The phoneme-based continuous speech corpus is a collaboration between Texas Instruments, MIT, and SRI International. The Timit dataset has a voice sampling frequency of 16 khz and contains a total of 6,300 sentences, with 630 people from 8 major U.S. dialects speaking a given 10 sentences each, all sentences are manually segmented and marked at the phone level. Seventy percent of the speakers are male; most of the speakers are white adults.

Dataset

Download and Extract

Download TIMIT from it's official website and extract it to ~/datasets. Assume unzip the dataset in the directory ~/datasets/timit.

Overview

All the scripts you need are in run.sh. There are several stages in run.sh, and each stage has its function.

Stage Function
0 Process data.

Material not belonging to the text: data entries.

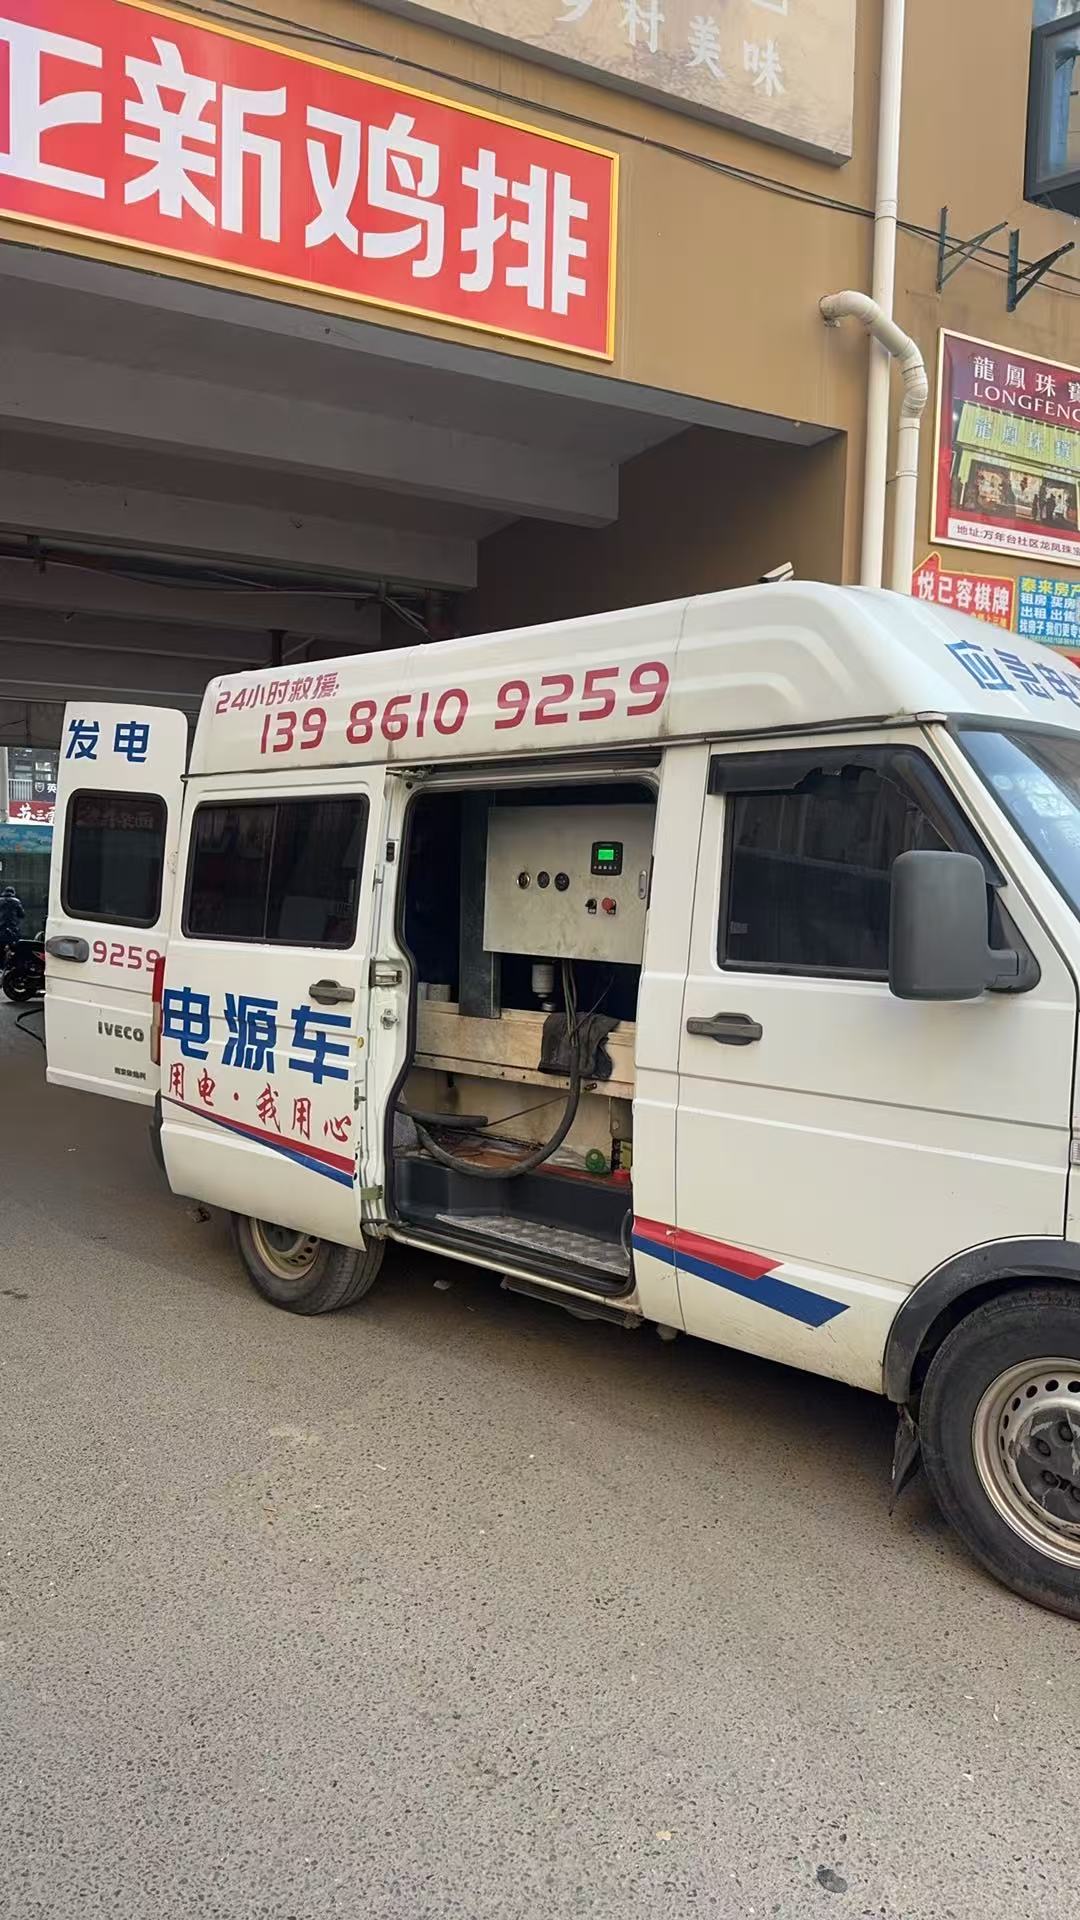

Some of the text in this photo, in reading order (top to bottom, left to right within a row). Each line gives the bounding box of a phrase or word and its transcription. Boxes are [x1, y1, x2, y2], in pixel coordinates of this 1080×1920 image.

[553, 0, 786, 97] 村美味
[0, 18, 588, 315] 正新鸡排
[65, 719, 150, 763] 发电
[260, 661, 669, 754] 139 8610 9259
[93, 940, 160, 972] 9259
[98, 1021, 145, 1042] IVECO
[163, 986, 352, 1085] 电源车

It includes:
(1) Download the dataset
(2) Calculate the CMVN of the train dataset
(3) Get the vocabulary file
(4) Get the manifest files of the train, development and test dataset
1 Train the model
2 Get the final model by averaging the top-k models, set k = 1 means to choose the best model
3 Test the final model performance
4 Get ctc alignment of test data using the final model

You can choose to run a range of stages by setting stage and stop_stage .

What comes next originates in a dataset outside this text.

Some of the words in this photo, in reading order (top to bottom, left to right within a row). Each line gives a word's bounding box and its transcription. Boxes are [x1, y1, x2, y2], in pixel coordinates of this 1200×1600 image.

For example, if you want to execute the code in stage 2 and stage 3, you can run this script:

bash run.sh --stage 2 --stop_stage 3

Or you can set stage equal to stop-stage to only run one stage. For example, if you only want to run stage 0, you can use the script below:

bash run.sh --stage 0 --stop_stage 0

The document below will describe the scripts in run.sh in detail.

The Environment Variables

The path.sh contains the environment variables.

source path.sh

This script needs to be run first. And another script is also needed:

source ${MAIN_ROOT}/utils/parse_options.sh

It will support the way of using --variable value in the shell scripts.

The Local Variables

Some local variables are set in run.sh. gpus denotes the GPU number you want to use. If you set gpus=, it means you only use CPU. stage denotes the number of the stage you want to start from in the experiments. stop stage denotes the number of the stage you want to end at in the experiments. conf_path denotes the config path of the model. avg_num denotes the number K of top-K models you want to average to get the final model. audio_file denotes the file path of the single file you want to infer in stage 5 ckpt denotes the checkpoint prefix of the model, e.g. "conformer" You can set the local variables (except ckpt) when you use run.sh

For example, you can set the gpus and avg_num when you use the command line.:

bash run.sh --gpus 0,1,2,3 --avg_num 10

Stage 0: Data Processing

To use this example, you need to process data firstly and you can use stage 0 in run.sh to do this. The code is shown below:

 if [ ${stage} -le 0 ] && [ ${stop_stage} -ge 0 ]; then
     # prepare data
     bash ./local/timit_data_prep.sh ${TIMIT_path}
     bash ./local/data.sh || exit -1
 fi

Stage 0 is for processing the data.

If you only want to process the data. You can run

bash run.sh --stage 0 --stop_stage 0

You can also just run these scripts in your command line.

source path.sh
bash ./local/timit_data_prep.sh ${TIMIT_path}
bash ./local/data.sh

After processing the data, the data directory will look like this:

data/
|-- lang_char
|   `-- vocab.txt
|-- local
|   `-- dev_sph.flist
|   `-- dev_sph.scp
|   `-- dev.text
|   `-- dev.trans
|   `-- dev.uttids
|   `-- test_sph.flist
|   `-- test_sph.scp
|   `-- test.text
|   `-- test.trans
|   `-- test.uttids
|   `-- train_sph.flist
|   `-- train_sph.scp
|   `-- train.text
|   `-- train.trans
|   `-- train.uttids
|-- manifest.dev
|-- manifest.dev.raw
|-- manifest.test
|-- manifest.test.raw
|-- manifest.train
|-- manifest.train.raw
|-- mean_std.json
|-- test.meta

Stage 1: Model Training

If you want to train the model. you can use stage 1 in run.sh. The code is shown below.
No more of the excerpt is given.